导入数据包
import numpy as np
import pandas as pd
import matplotlib.pyplot as plt
%matplotlib inline
import warnings
warnings.filterwarnings('ignore')
#不发出警告
from bokeh.io import output_notebook
output_notebook()
#导入绘图模块
from bokeh.plotting import figure, show
from bokeh.models import ColumnDataSource
#导入绘图模块、展示模块
#导入ColumsDataSource模块
单系列柱状图—vbar
# 1、单系列柱状图
# vbar 竖向柱状图
p = figure(plot_width = 600, plot_height = 400)

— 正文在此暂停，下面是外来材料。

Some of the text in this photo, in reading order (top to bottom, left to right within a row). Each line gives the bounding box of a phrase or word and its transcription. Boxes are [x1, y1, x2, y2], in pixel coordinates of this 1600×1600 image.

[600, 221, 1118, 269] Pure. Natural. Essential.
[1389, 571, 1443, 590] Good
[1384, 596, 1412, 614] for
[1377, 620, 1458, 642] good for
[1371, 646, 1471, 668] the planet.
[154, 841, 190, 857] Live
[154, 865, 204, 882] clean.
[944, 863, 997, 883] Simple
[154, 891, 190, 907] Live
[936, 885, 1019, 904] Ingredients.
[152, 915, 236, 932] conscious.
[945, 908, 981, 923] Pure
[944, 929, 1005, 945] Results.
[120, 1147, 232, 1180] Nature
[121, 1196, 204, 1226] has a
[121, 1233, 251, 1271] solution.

p.vbar(x = [1, 2, 3], #设置柱状图的位置,这里数据可以是一个Serice的index
width = 0.4, #设置柱状图的宽度
bottom = [0, 0, 0], #设置柱状图底部的位置
top = [1.2, 2.5, 3.7], #设置柱状图顶部的位置,这里数据可以是一个Serice的values
line_width = 2, #设置柱状图边框的粗细
line_color = 'black', #设置柱状图边框的颜色
line_alpha = 0.6, #设置柱状图边框线的透明度
line_dash = [10, 5], #设置柱状图边框为虚线显示
fill_color = 'red', #设置柱状图内部填充颜色
fill_alpha = 0.7, #设置柱状图内部颜色的透明度
)
show(p)
单系列柱状图—hbar
# 1、单系列柱状图
# hbar
df = pd.DataFrame({'value' : np.random.randn(100)*10,
'color' : np.random.choice(['red', 'yellow', 'blue'], 100)})

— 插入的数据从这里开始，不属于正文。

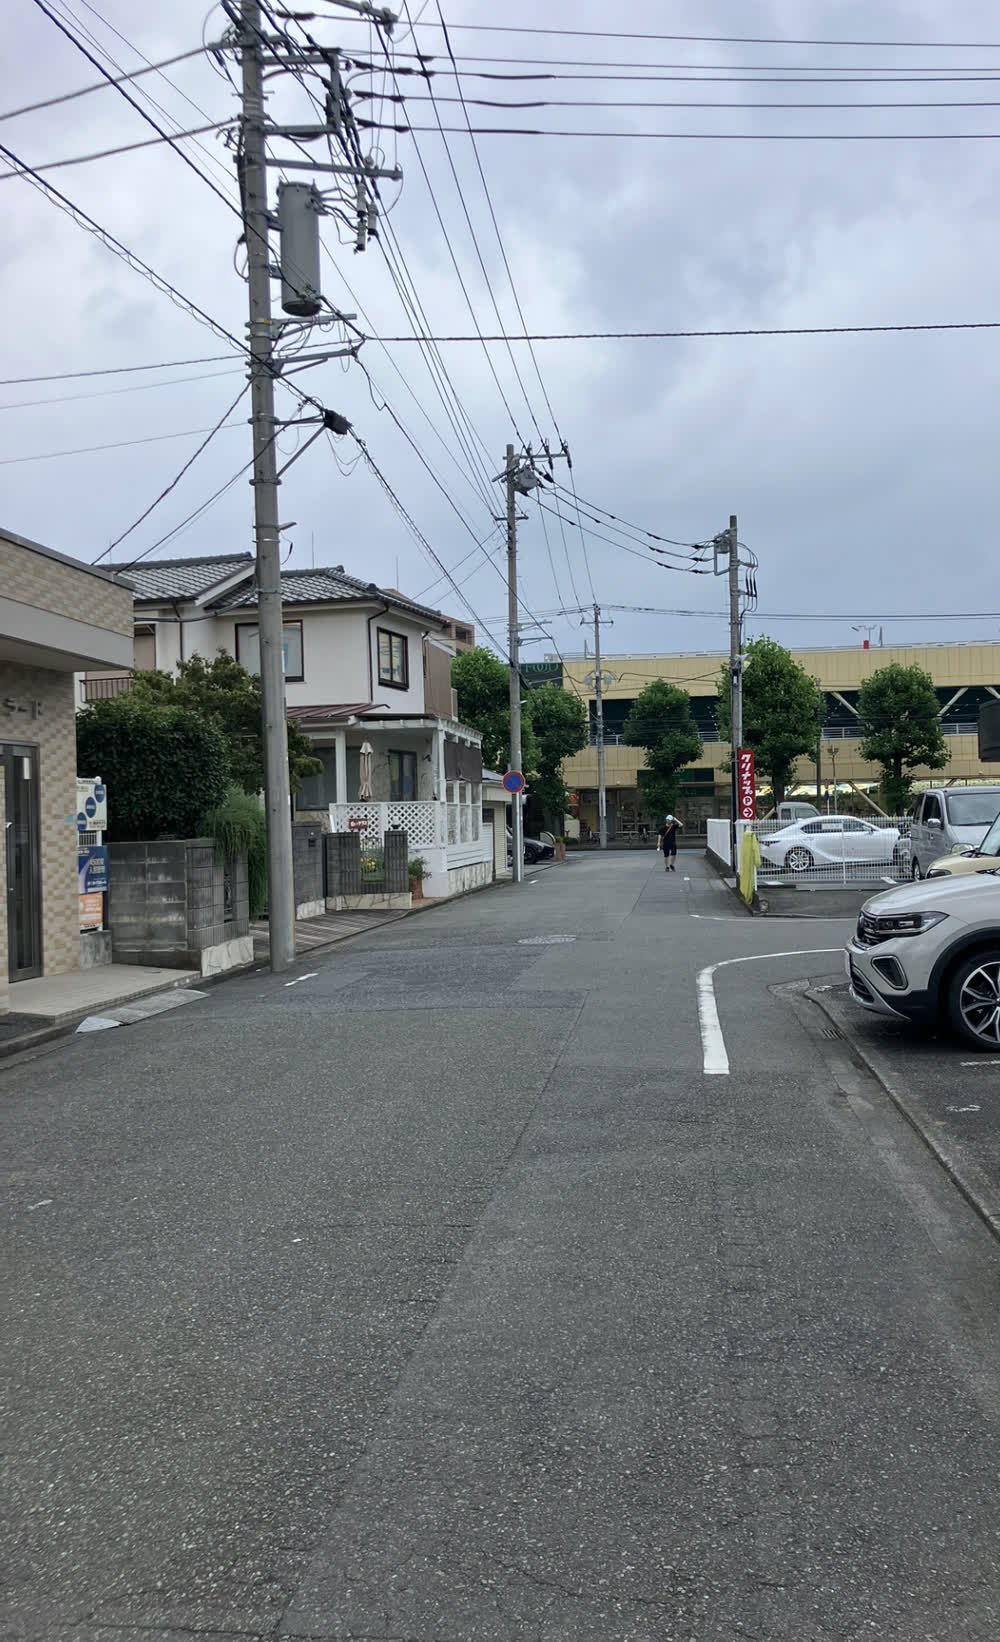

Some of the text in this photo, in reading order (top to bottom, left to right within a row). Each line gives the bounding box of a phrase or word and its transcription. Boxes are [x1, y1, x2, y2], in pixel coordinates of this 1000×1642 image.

[741, 754, 754, 794] クリナップ
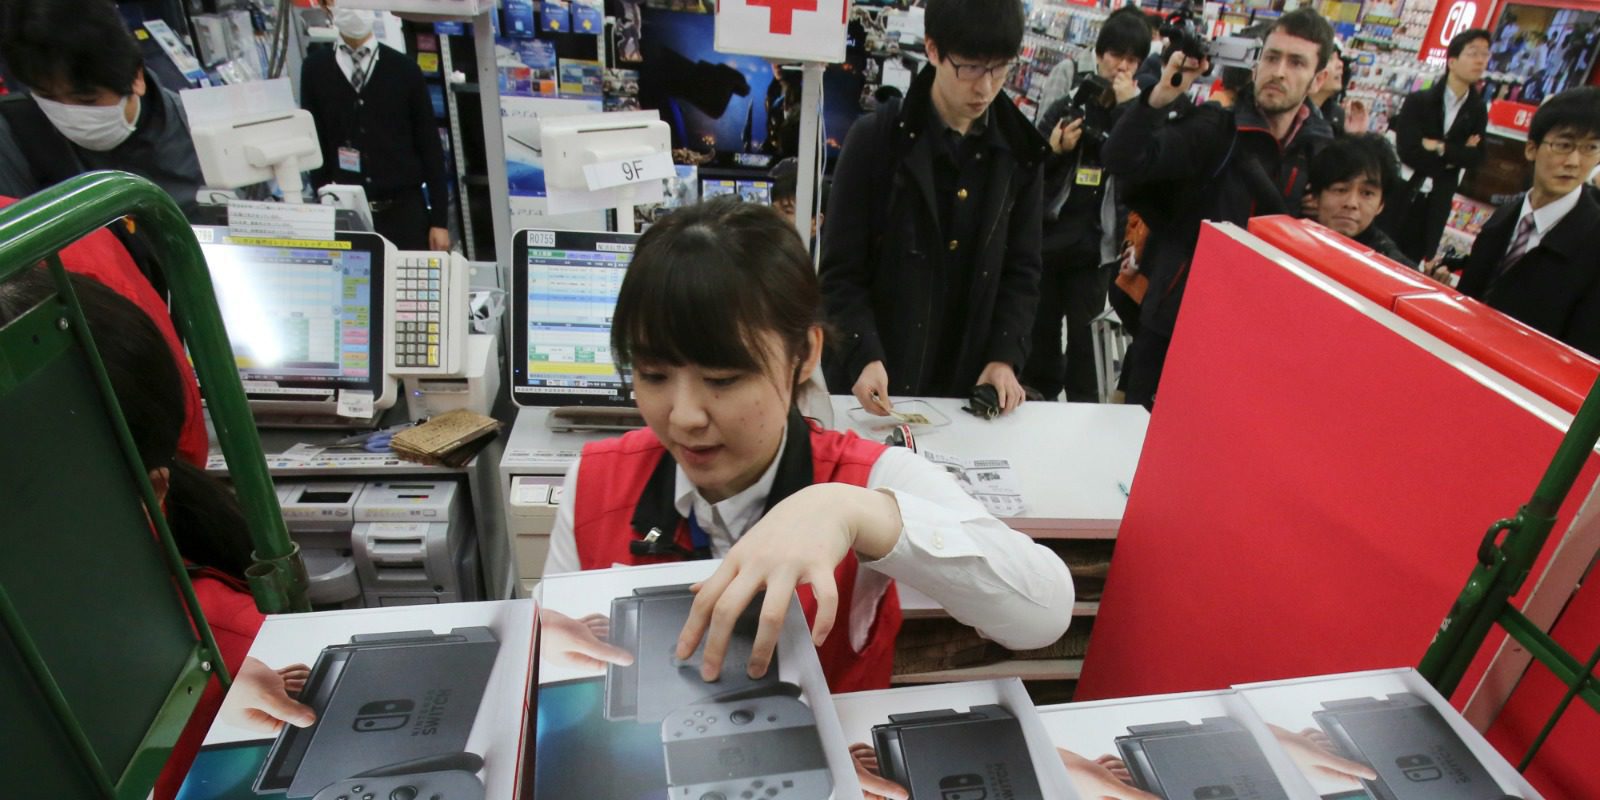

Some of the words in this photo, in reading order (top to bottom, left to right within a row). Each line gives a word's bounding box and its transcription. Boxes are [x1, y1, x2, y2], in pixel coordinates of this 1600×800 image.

[622, 160, 643, 180] 9F
[530, 233, 554, 244] R0755
[422, 688, 452, 736] SWITCH
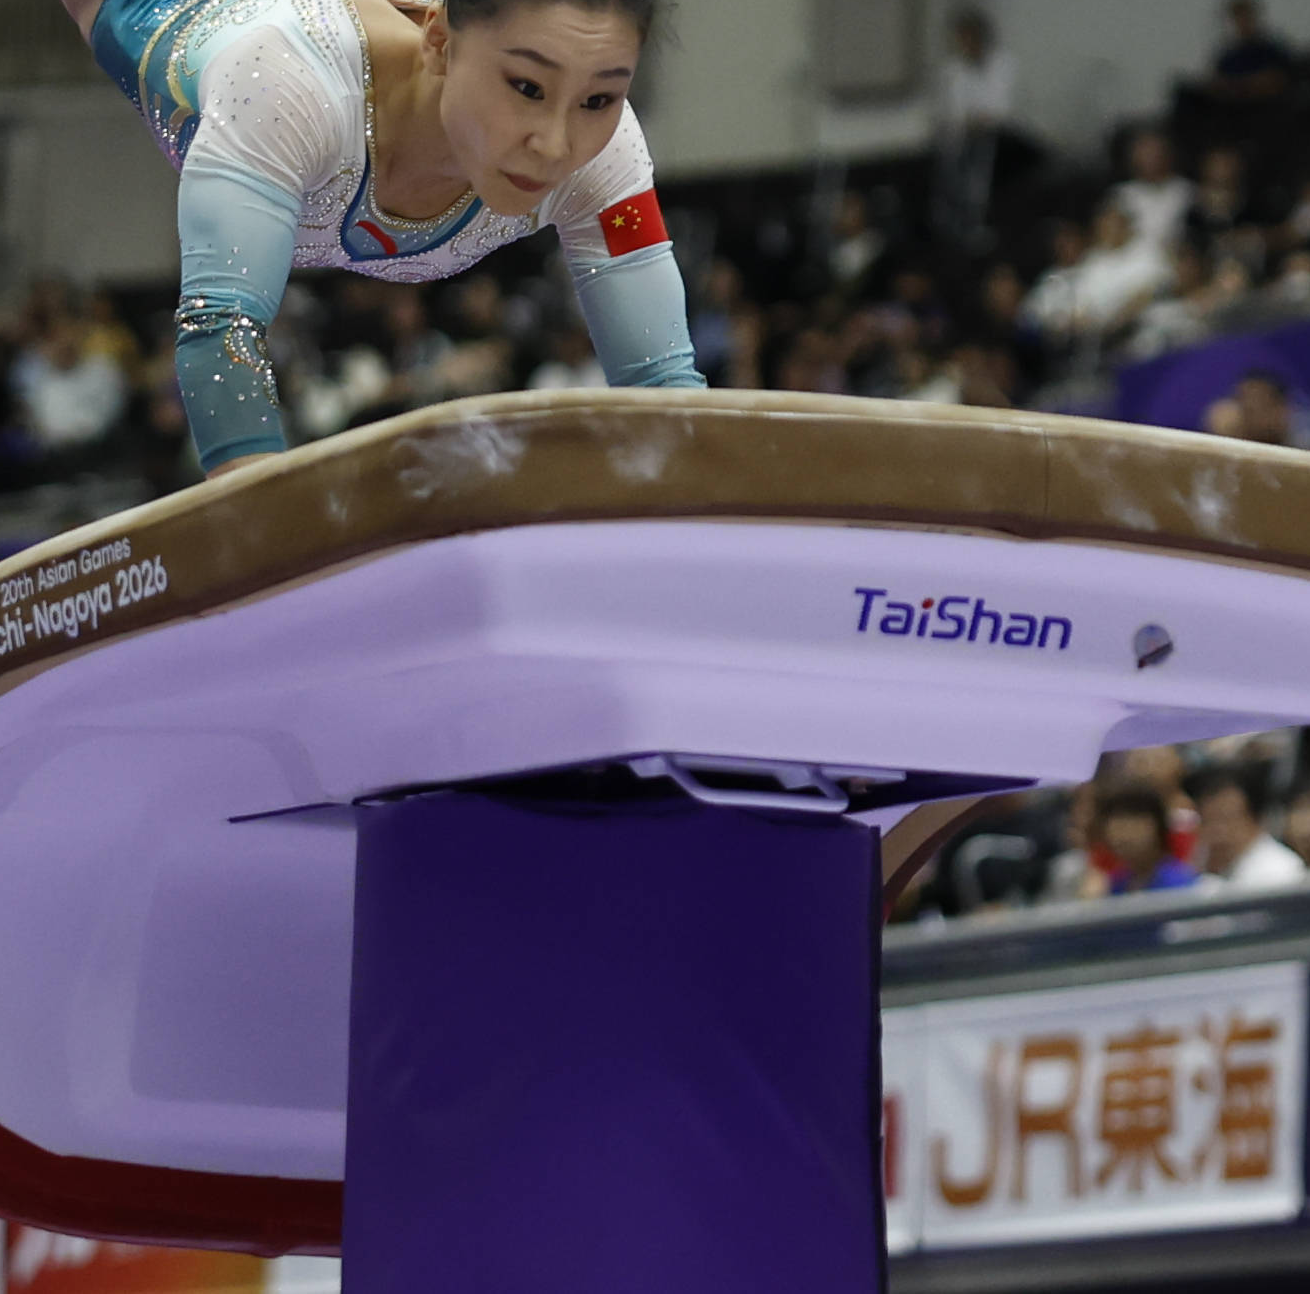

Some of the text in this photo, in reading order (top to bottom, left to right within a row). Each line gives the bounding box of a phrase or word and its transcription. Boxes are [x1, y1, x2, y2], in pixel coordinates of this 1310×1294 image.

[0, 537, 131, 607] 20th Asian Games
[115, 555, 168, 607] 2026
[854, 587, 1072, 650] TaiShan

p = figure(plot_width = 600, plot_height = 400)
p.hbar(y = df.index, #设置柱状图的位置
height = 0.5, #设置柱状图的宽度
left = 0, #设置柱状图左边最小值
right = df['value'], #设置柱状图右边的最大值
color = df.color #社渚柱状图的颜色
)
show(p)
单系列柱状图—分类设置标签(ColumnDataSource)
from bokeh.palettes import Spectral6
from bokeh.transform import factor_cmap
#导入相关模块
fruits = ['Apples', 'Pears', 'Nectarines', 'Plums', 'Grapes', 'Strawberries']

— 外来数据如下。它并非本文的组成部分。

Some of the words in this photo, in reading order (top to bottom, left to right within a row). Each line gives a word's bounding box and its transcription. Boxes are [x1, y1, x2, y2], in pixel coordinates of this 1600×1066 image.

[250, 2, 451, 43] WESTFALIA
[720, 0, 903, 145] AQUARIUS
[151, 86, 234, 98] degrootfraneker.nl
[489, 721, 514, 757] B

counts = [5, 6, 4, 2, 4, 6 ]
source = ColumnDataSource(data = dict(fruits = fruits, counts = counts))
colors = ['salmon', 'olive', 'darkred', 'goldenrod', 'skyblue', 'orange']
#创建一个包含标签的data,对象类型为ColumnDatasource
p = figure(x_range = fruits, y_range = (0, 9), plot_height = 350, title = 'Fruit Counts', tools = '')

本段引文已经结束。